• [The problem]
An exact reproduction of all entries is expected.

BEGIN Listed entries

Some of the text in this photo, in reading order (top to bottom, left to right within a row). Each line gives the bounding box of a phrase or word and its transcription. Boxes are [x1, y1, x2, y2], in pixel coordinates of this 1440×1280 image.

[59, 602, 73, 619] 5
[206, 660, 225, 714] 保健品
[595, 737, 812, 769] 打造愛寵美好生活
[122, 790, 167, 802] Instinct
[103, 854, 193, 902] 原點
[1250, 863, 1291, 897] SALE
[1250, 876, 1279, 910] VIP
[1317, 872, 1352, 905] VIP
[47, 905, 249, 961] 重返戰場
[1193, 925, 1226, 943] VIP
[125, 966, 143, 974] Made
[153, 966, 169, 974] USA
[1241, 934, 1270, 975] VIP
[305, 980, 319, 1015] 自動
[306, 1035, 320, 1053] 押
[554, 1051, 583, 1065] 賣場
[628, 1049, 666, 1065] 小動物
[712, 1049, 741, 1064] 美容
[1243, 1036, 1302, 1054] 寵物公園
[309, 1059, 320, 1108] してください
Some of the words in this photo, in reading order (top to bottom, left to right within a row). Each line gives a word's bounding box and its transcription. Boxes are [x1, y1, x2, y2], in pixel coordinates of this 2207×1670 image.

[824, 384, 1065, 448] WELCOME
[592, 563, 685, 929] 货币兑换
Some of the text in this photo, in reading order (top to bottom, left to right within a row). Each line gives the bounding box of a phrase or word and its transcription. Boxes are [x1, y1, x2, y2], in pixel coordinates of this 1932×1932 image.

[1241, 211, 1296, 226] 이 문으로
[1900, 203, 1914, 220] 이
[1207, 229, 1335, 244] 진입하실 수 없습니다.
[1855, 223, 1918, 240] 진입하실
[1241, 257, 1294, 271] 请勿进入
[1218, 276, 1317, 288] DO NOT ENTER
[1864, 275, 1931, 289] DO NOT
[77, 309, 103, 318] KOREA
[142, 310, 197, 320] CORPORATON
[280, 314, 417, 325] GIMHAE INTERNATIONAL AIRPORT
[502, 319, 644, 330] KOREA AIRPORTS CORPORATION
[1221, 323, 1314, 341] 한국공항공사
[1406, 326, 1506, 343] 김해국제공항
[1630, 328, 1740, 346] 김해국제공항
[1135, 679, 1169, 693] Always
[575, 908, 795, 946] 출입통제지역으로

END Listed entries

• [Response to this exercise]
Some of the text in this photo, in reading order (top to bottom, left to right within a row). Each line gives the bounding box of a phrase or word and its transcription. Boxes are [x1, y1, x2, y2], in pixel coordinates of this 1440×1280 image.

[59, 602, 73, 619] 5
[206, 660, 225, 714] 保健品
[595, 737, 812, 769] 打造愛寵美好生活
[122, 790, 167, 802] Instinct
[103, 854, 193, 902] 原點
[1250, 863, 1291, 897] SALE
[1250, 876, 1279, 910] VIP
[1317, 872, 1352, 905] VIP
[47, 905, 249, 961] 重返戰場
[1193, 925, 1226, 943] VIP
[125, 966, 143, 974] Made
[153, 966, 169, 974] USA
[1241, 934, 1270, 975] VIP
[305, 980, 319, 1015] 自動
[306, 1035, 320, 1053] 押
[554, 1051, 583, 1065] 賣場
[628, 1049, 666, 1065] 小動物
[712, 1049, 741, 1064] 美容
[1243, 1036, 1302, 1054] 寵物公園
[309, 1059, 320, 1108] してください
Some of the words in this photo, in reading order (top to bottom, left to right within a row). Each line gives a word's bounding box and its transcription. Boxes are [x1, y1, x2, y2], in pixel coordinates of this 2207×1670 image.

[824, 384, 1065, 448] WELCOME
[592, 563, 685, 929] 货币兑换
Some of the text in this photo, in reading order (top to bottom, left to right within a row). Each line gives the bounding box of a phrase or word and its transcription. Boxes are [x1, y1, x2, y2], in pixel coordinates of this 1932×1932 image.

[1241, 211, 1296, 226] 이 문으로
[1900, 203, 1914, 220] 이
[1207, 229, 1335, 244] 진입하실 수 없습니다.
[1855, 223, 1918, 240] 진입하실
[1241, 257, 1294, 271] 请勿进入
[1218, 276, 1317, 288] DO NOT ENTER
[1864, 275, 1931, 289] DO NOT
[77, 309, 103, 318] KOREA
[142, 310, 197, 320] CORPORATON
[280, 314, 417, 325] GIMHAE INTERNATIONAL AIRPORT
[502, 319, 644, 330] KOREA AIRPORTS CORPORATION
[1221, 323, 1314, 341] 한국공항공사
[1406, 326, 1506, 343] 김해국제공항
[1630, 328, 1740, 346] 김해국제공항
[1135, 679, 1169, 693] Always
[575, 908, 795, 946] 출입통제지역으로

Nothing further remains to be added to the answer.